We believe the reasons for the phenomenon can be divided into internal and external. The latter implies the overall economic outlook deterioration in the US and worldwide. This fact makes outright quitting a less feasible and applicable option for many workers, as they cannot afford to lose their income. They’d rather go for “quiet quitting” instead of “loud job search.”
And if companies and businesses are powerless to initiate change from the outside and stabilize the economy around the country and the world, they are capable of making a difference and starting the shift from the inside. As they say, from small beginnings come great things. Here, we have collected the most widespread examples of poor management not addressing, which will inevitably turn your new-generation workers into quiet quitters.
This information will be helpful for employers and their self-reflection. Can you describe the atmosphere in your company or department as supportive, cooperative, and inspiring? Are your employees free to take sick time or personal days whenever needed? Do they feel compelled to put in extra effort, or it’s their personal choice to? Do they get something in return besides vague promises about a brighter future? Any negative answers to these questions may mean that the environment in your workplace is unhealthy and is likely to make workers resort to the quiet quitting strategy.
An opportunity to boost or learn new skills automatically means taking on new challenges and developing as a specialist. If an organization doesn’t provide its workers with such an option, employees may feel stagnant and unfulfilled in their roles. This results in boredom, dissatisfaction, and motivation loss.
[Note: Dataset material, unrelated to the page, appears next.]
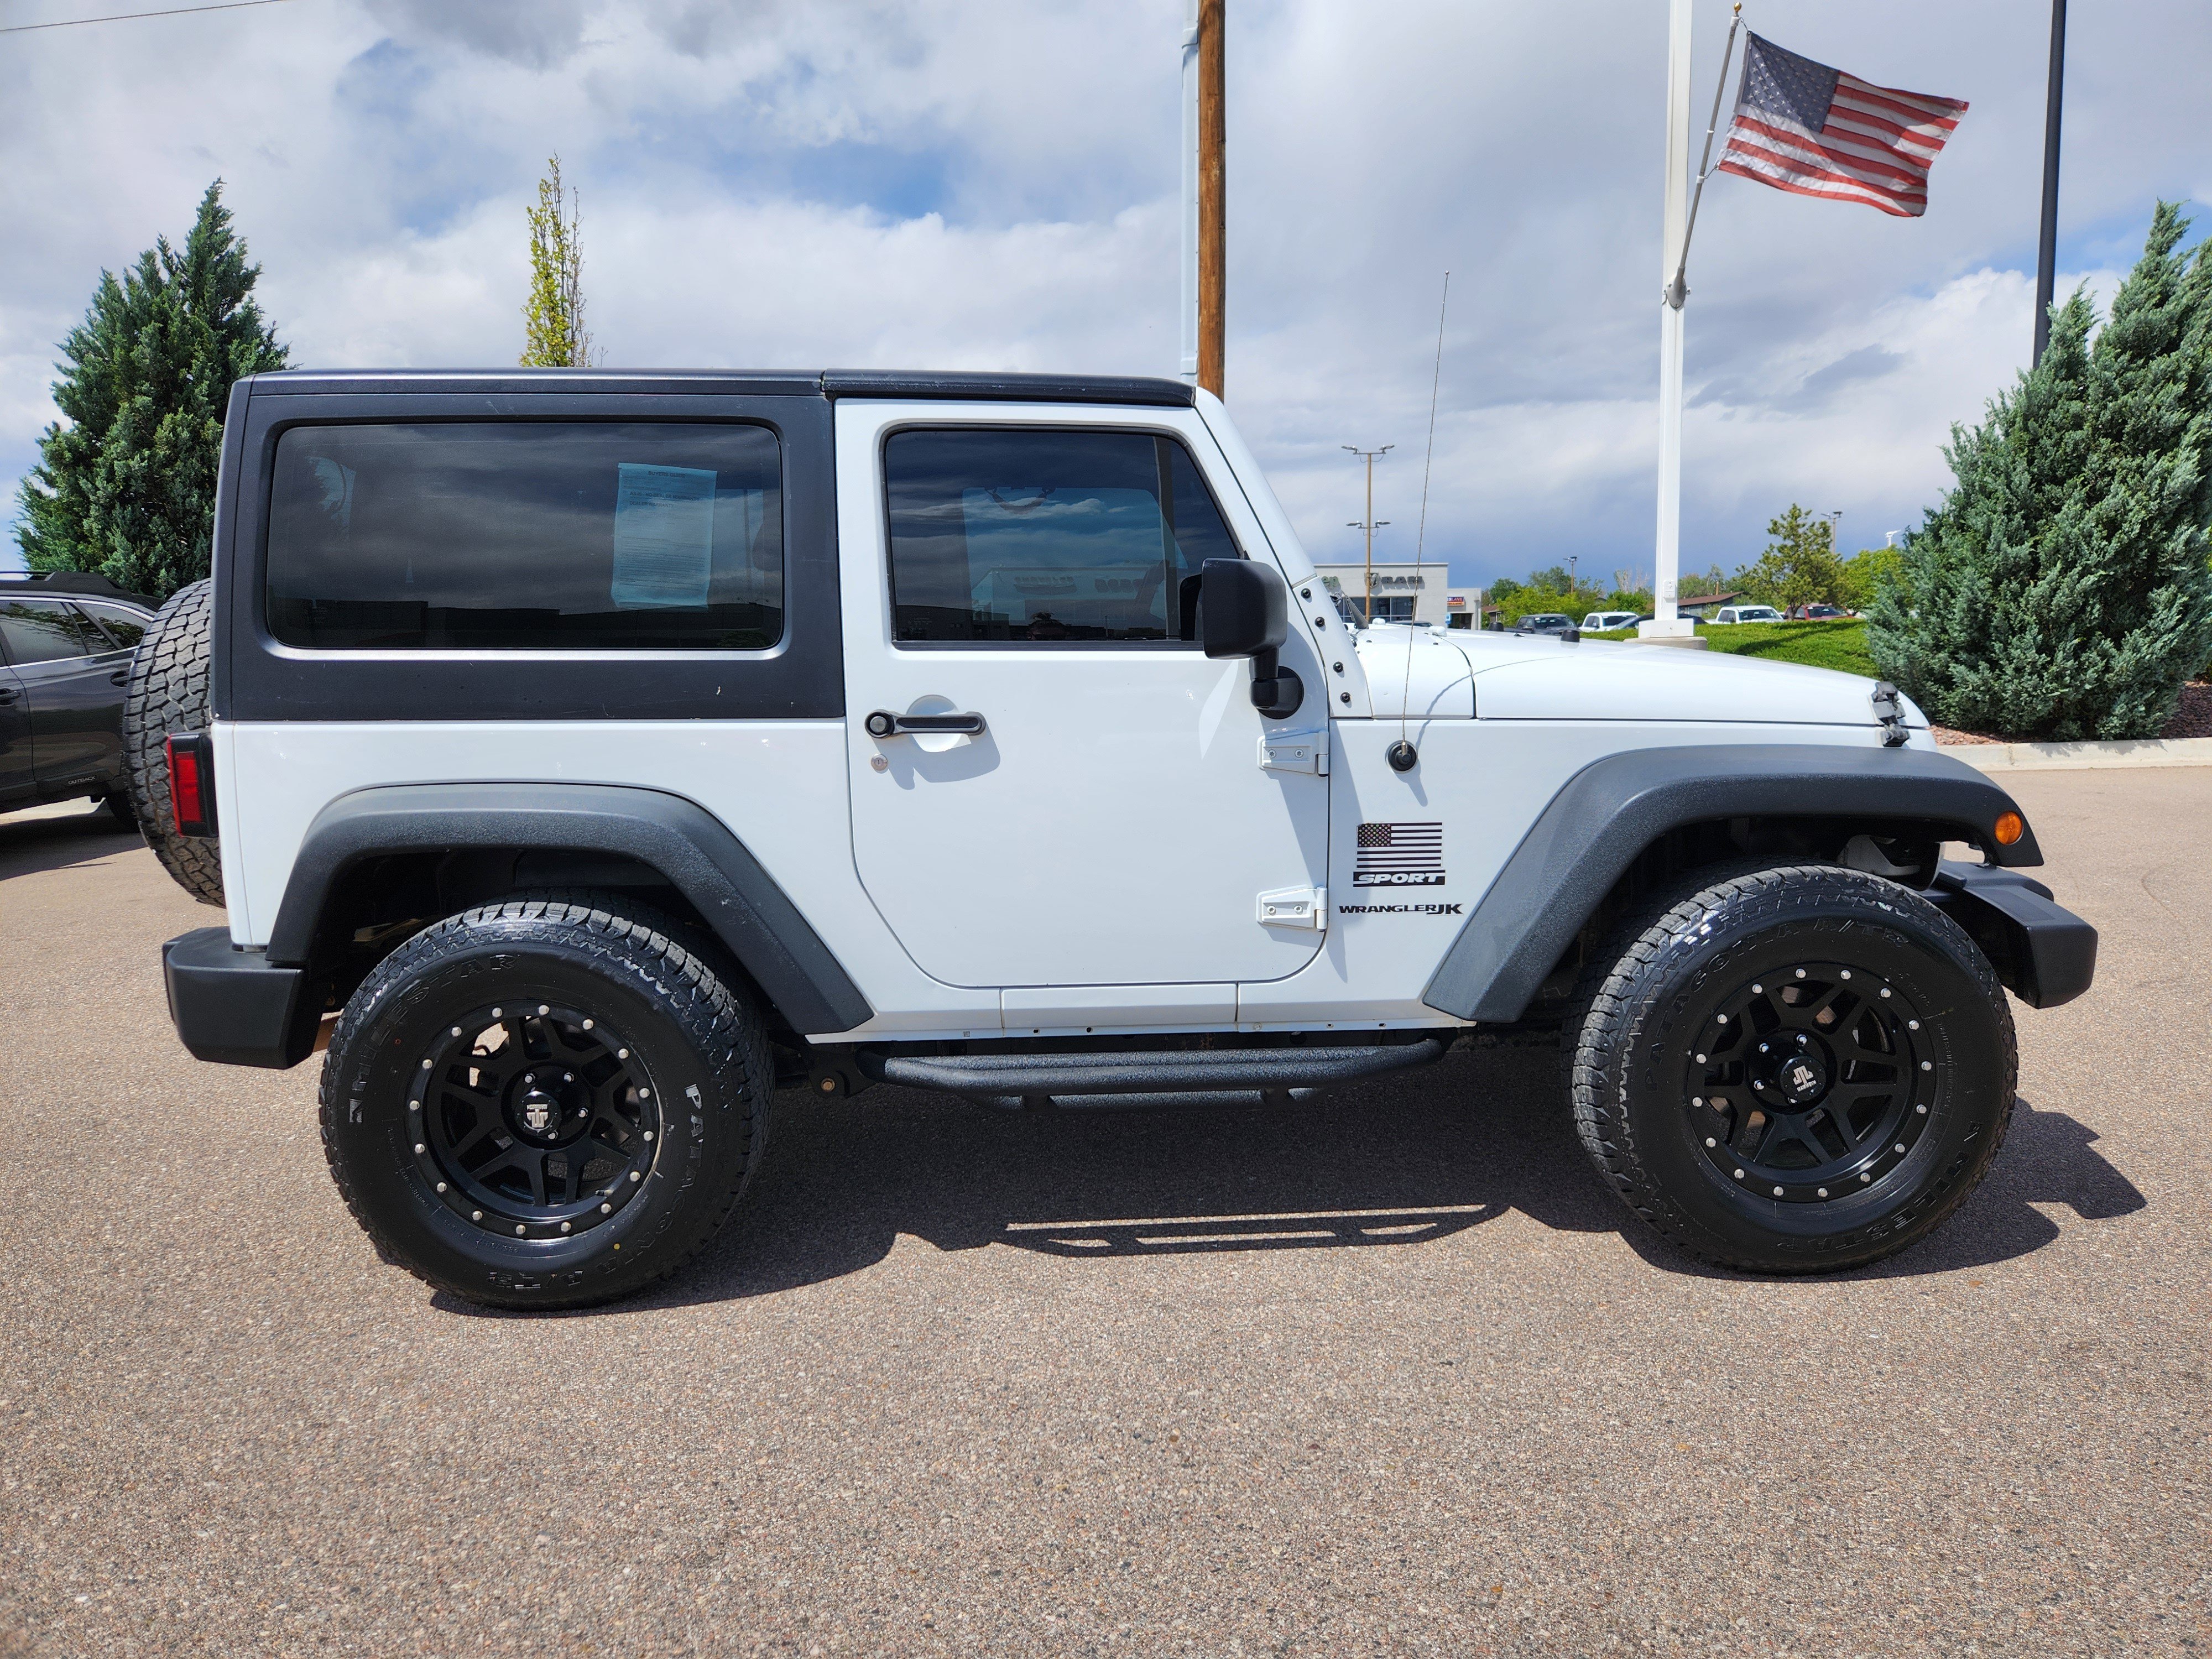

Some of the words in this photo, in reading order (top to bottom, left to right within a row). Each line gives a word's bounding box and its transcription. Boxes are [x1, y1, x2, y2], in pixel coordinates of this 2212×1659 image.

[1381, 576, 1423, 585] RAM
[68, 776, 96, 785] OUTBACK
[1354, 873, 1446, 885] SPORT
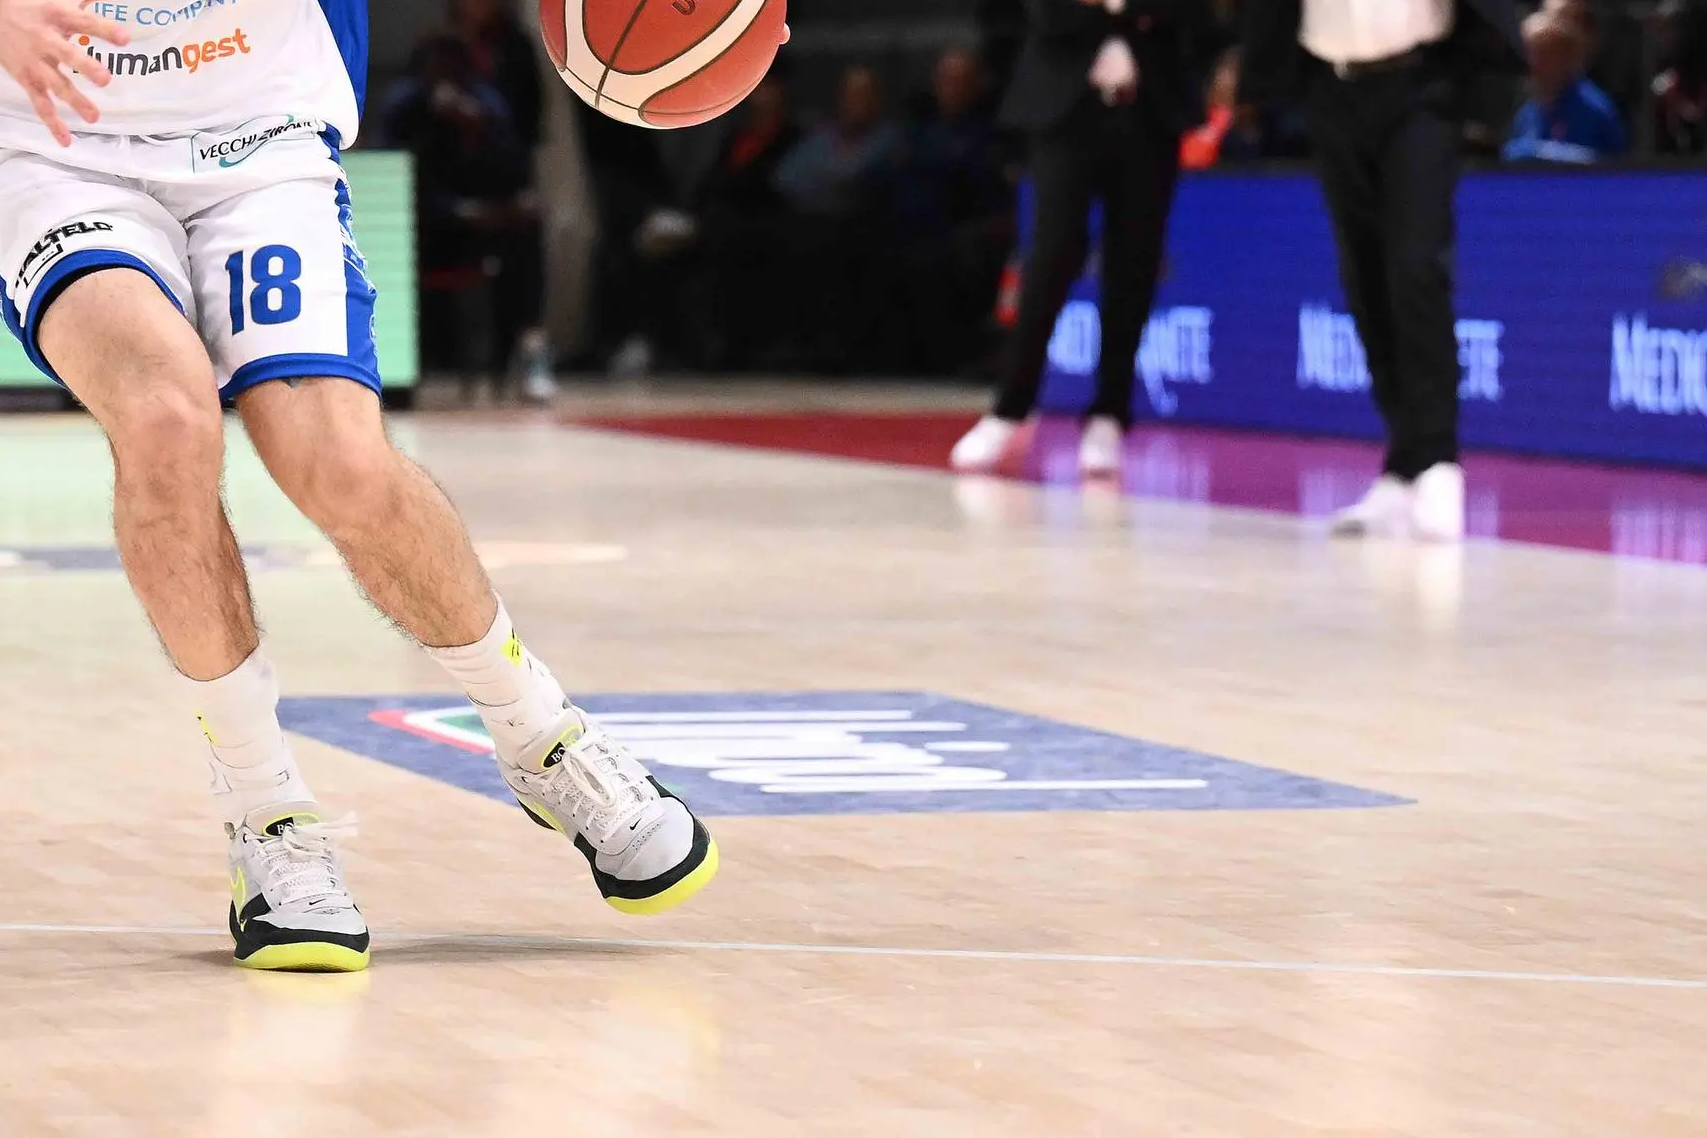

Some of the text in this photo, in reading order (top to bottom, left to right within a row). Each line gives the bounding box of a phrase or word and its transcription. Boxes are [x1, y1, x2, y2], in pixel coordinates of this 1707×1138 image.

Additionally, a poor work-life balance and a toxic environment make people constantly work in survival mode. The outcomes of the survival mode are burnout, disengagement, and even depression. Do these conditions contribute to a person’s willingness to develop themselves professionally? We doubt it very much.
Employers are often prone to job creep – gradually increasing a worker’s core job responsibilities list. New activities often pop up depending on the circumstances at work but aren’t included in a job contract. Dealing with such unclear job requirements, employees may eventually get frustrated and opt out of being high performers. In other words, they go for quiet quitting, thus concentrating on the bare minimum and not bothering themselves with living up to their boss’ expectations.
If managers are willing to prevent the metamorphosis, they’d better reconsider the lists of core responsibilities and extra ones. By doing so, their employees will get a more accurate reflection of what they are obliged to do and what will be qualified as extra. Moreover, they should be free to choose if they want to focus on performing only their essential tasks at a high level or go beyond them.
Even though the concept seems to be innocent, it’s only at first sight. According to PwC research, 38% of executives cited talent acquisition and retention as a severe risk in 2022. However, even facing a talent shortage, employers would prefer to avoid dealing with quiet quitters in their organizations. Let’s figure out why.
The short-term implications of keeping quiet quitters in a workplace severely blow the company’s pocket in the long run.
So, even though quiet quitting might be an option for employees to survive in unhealthy working environments, it poses a real threat to businesses. If employers want to avoid this issue in their organizations, they have to refine their employees’ work conditions and perceive them as individuals, not a faceless workforce.